Brent crude posted its worst monthly performance since the COVID-19 pandemic in May, declining nearly 19% from its April highs as the ceasefire optimism took hold progressively through the month. WTI crude approached $90 by Friday's close. The energy sector finished the week down nearly 4%, the only major S&P sector in the red — a direct reflection of oil's decline.
"The real bet you have to make is that we're coming to a resolution on Iran, slowly but surely, in the next two to three weeks. The market is already pricing that bet — at increasingly elevated levels."
— Wayve Capital's Williams, via CNBC · May 29, 2026The critical caveat: Trump ended his Situation Room meeting without a formal announcement. The MOU is a negotiated framework, not a signed deal. The pattern of this conflict has been two steps forward, one step back — and sporadic Iranian missile activity late in the week underscored that the fragility of the arrangement is real. Markets are not pricing a done deal; they're pricing a higher probability of a done deal. Those are meaningfully different risk profiles when oil is the variable connecting diplomatic progress to inflation, bond yields, and the Fed's policy path.
May 2026: The Month in Full
| Benchmark | May Return | YTD 2026 | From Apr 9 Low |
|---|---|---|---|
| S&P 500 | +5.2% | +~10% | +~20% |
| Nasdaq Composite | +8.0% | Leading indices | AI-driven |
| Dow Jones Industrial | Record 51K | +~8% | +~18% |
| Russell 2000 | Lagging | Below mega-cap | Underperformer |
| Brent Crude | −19% from Apr highs | Still +vs Jan | Sharp reversal |
| WTI Crude | ~$90 from $115 | Ceasefire drag | Energy −4% wk |
| 10Y Treasury Yield | ~4.4% | Well above Jan low | Sticky |
85% of S&P 500 Beating Estimates — By a Lot
The earnings season backdrop that has supported this nine-week rally deserves a precise quantification. As of Friday, approximately 85% of S&P 500 companies that have reported Q1 2026 earnings beat analyst estimates — well ahead of the five-year historical average of 78%. More striking: companies are beating profit forecasts by an aggregate 16.7%, more than double the historical average earnings surprise of 7.3%. This is not a typical earnings season. It is an earnings season where the AI infrastructure cycle has generated a category of revenue growth — NVIDIA at +85%, Dell at +88%, data center-adjacent names broadly — that the pre-season consensus models did not fully capture.
That earnings backdrop is the fundamental justification for the market's nine-week resilience against a macro headwind that includes 3.8% headline PCE, 4.4% 10-year yields, and a consumer sector clearly under pressure.
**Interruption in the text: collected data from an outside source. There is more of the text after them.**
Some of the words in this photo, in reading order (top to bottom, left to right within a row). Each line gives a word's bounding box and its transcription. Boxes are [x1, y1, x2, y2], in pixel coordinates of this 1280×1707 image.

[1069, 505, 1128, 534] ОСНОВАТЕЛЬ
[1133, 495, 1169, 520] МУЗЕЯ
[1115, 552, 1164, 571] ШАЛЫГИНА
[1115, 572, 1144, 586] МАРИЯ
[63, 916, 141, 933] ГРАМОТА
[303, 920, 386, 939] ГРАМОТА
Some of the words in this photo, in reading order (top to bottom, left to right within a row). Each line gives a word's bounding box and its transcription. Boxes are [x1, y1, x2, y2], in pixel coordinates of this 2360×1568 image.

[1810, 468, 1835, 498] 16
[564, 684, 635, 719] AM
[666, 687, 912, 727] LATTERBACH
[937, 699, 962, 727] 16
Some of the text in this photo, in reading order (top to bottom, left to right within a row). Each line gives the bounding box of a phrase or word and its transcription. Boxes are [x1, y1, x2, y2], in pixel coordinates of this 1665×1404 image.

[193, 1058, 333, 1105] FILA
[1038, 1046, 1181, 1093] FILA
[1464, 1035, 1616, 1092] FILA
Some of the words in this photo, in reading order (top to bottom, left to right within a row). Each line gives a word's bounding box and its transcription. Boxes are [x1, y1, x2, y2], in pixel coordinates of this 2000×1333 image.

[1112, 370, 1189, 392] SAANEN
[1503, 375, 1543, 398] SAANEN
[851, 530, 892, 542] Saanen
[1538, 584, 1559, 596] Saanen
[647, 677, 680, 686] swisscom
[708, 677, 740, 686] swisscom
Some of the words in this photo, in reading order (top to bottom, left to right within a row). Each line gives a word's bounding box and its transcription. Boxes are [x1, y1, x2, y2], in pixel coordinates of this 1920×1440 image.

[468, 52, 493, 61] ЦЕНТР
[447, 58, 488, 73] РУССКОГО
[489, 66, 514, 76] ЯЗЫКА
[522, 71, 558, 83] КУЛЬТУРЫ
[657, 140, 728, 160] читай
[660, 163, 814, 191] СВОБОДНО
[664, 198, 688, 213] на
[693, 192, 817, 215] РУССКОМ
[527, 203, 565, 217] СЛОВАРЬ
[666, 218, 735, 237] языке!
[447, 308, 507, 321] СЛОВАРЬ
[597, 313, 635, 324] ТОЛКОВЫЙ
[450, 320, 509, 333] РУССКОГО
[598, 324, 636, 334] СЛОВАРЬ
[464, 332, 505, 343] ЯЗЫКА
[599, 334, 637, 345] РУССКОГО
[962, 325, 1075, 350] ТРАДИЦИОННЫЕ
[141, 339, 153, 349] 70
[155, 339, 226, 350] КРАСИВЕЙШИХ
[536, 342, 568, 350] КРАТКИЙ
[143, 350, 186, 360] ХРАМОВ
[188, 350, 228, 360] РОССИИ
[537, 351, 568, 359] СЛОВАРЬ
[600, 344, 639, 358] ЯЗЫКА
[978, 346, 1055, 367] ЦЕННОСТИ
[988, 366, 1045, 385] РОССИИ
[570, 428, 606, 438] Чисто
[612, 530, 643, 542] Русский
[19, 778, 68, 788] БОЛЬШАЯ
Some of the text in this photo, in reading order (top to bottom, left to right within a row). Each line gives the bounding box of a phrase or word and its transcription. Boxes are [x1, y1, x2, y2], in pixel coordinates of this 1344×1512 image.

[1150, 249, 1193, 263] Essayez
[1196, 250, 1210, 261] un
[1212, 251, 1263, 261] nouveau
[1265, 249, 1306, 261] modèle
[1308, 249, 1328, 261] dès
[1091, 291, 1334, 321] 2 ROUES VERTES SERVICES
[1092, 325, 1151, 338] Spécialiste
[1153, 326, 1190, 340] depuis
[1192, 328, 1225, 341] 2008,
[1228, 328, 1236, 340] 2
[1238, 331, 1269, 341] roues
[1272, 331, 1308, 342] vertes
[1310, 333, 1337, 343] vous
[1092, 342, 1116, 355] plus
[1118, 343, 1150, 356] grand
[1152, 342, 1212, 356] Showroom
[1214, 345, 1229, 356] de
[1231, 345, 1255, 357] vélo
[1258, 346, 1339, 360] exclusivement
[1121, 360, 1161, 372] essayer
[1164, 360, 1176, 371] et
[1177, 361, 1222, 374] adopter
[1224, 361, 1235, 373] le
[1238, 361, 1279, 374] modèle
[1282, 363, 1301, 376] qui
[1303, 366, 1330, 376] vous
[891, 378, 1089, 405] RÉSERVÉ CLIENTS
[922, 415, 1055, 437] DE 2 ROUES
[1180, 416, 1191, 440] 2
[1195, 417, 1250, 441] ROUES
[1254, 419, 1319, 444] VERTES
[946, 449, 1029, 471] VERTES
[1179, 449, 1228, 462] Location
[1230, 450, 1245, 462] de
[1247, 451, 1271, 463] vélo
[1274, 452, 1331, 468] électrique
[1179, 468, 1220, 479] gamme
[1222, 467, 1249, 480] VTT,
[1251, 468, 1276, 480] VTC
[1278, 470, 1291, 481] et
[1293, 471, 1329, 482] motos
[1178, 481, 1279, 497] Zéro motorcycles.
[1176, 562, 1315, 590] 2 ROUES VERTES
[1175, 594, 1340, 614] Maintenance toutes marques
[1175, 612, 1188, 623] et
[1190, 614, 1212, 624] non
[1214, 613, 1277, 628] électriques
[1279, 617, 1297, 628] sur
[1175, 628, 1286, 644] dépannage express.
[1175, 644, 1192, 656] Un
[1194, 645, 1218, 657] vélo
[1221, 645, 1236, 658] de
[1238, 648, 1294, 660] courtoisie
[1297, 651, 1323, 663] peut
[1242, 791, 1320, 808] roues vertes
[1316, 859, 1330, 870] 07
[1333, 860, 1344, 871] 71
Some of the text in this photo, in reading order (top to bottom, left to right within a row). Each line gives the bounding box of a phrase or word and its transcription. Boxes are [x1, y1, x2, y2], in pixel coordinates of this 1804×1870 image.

You can disagree with the multiple at which those earnings trade; you cannot argue the earnings aren't real.
Nine consecutive weeks of S&P 500 gains. Dow above 51,000. Nasdaq up 8% in May. These are not minor data points — they represent a sustained repricing of risk upward on the back of AI earnings momentum and the progressive unwinding of the geopolitical risk premium embedded in oil since February.
The Iran 60-day MOU is the single most important market variable heading into June. If Trump formalizes it next week, oil continues lower, headline PCE begins to moderate, and Warsh gets a cleaner path to patience. If it collapses, oil reclaims $100+ and the entire summer inflation calculus resets.
Entering June, the S&P 500 is 10.2% higher than when the Iran war began in February. The market has absorbed a shooting war, an oil shock, a leadership change at the Fed, and 3.8% inflation — and still posted nine straight weekly gains. Respect the tape. But understand that the deal that hasn't been signed yet is the one the rally is currently pricing.